▶ _Work item_: Could you transcribe the records below exactly, leaving out every picture?

━━━ Material for this task ━━━

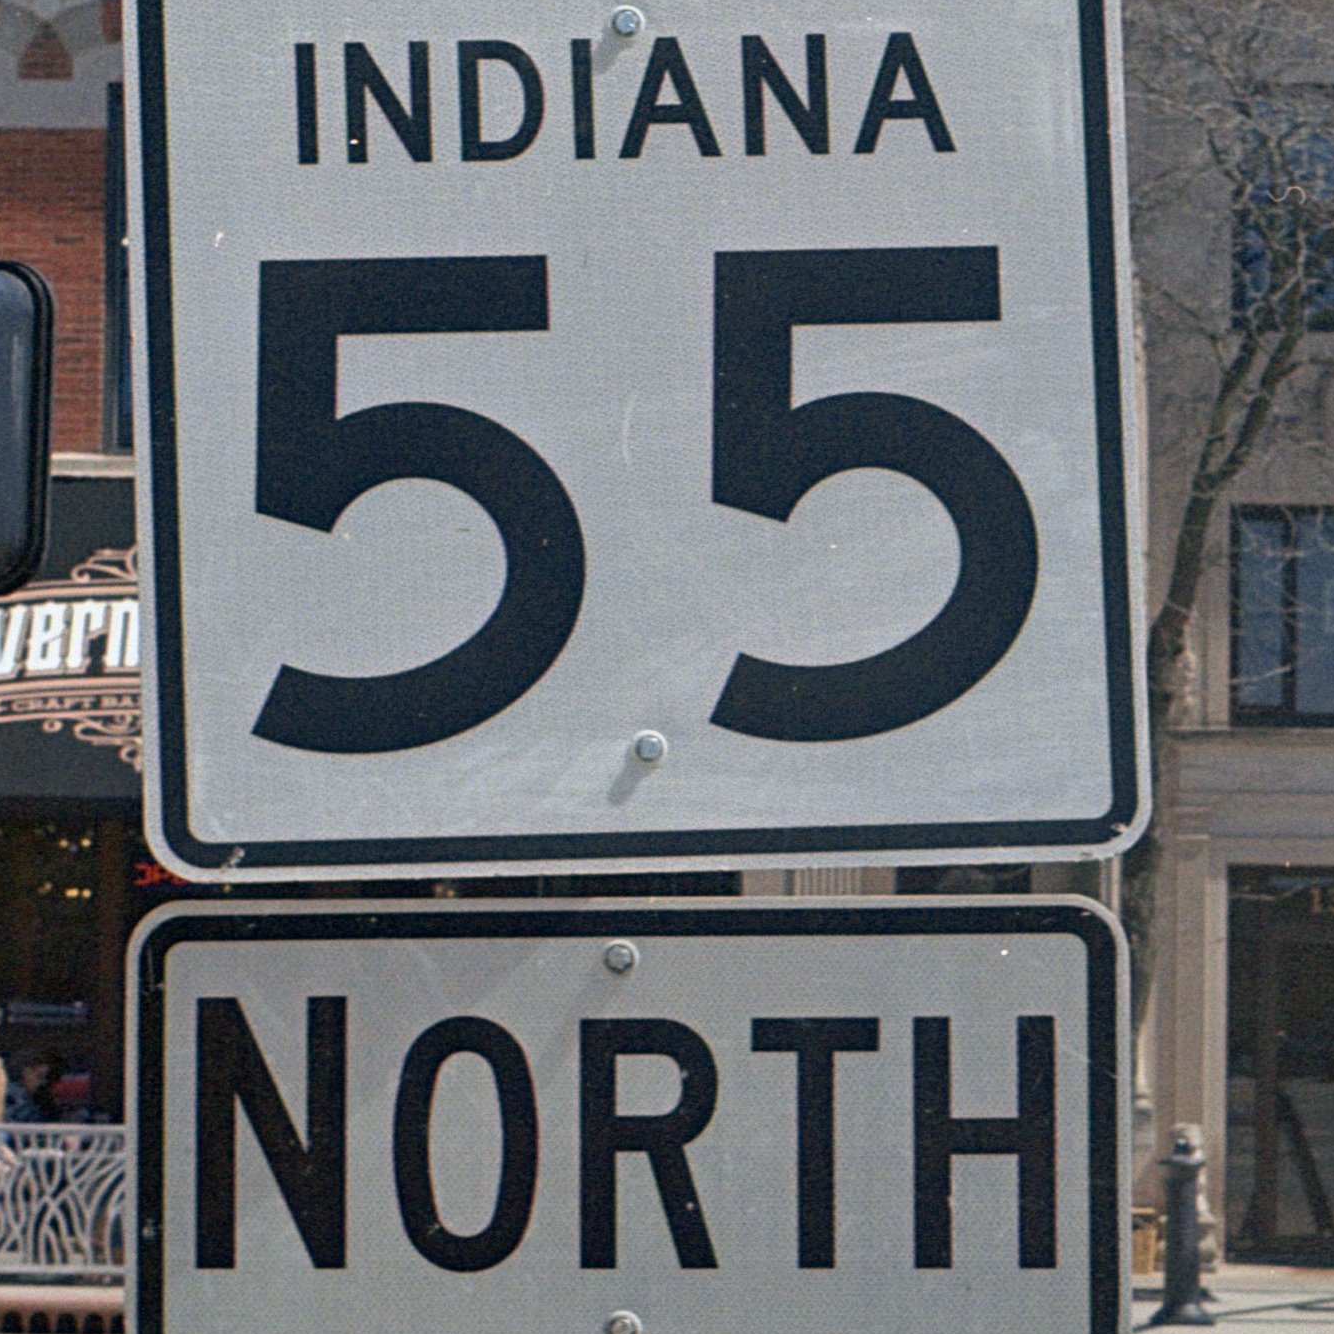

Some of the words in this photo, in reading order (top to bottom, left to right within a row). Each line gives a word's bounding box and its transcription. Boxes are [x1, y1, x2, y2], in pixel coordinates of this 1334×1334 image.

[295, 33, 955, 164] INDIANA
[252, 246, 1038, 754] 55
[101, 694, 141, 708] BA
[195, 996, 1057, 1273] NORTH

━━━

▶ _Task solution_:
Some of the words in this photo, in reading order (top to bottom, left to right within a row). Each line gives a word's bounding box and its transcription. Boxes are [x1, y1, x2, y2], in pixel coordinates of this 1334×1334 image.

[295, 33, 955, 164] INDIANA
[252, 246, 1038, 754] 55
[101, 694, 141, 708] BA
[195, 996, 1057, 1273] NORTH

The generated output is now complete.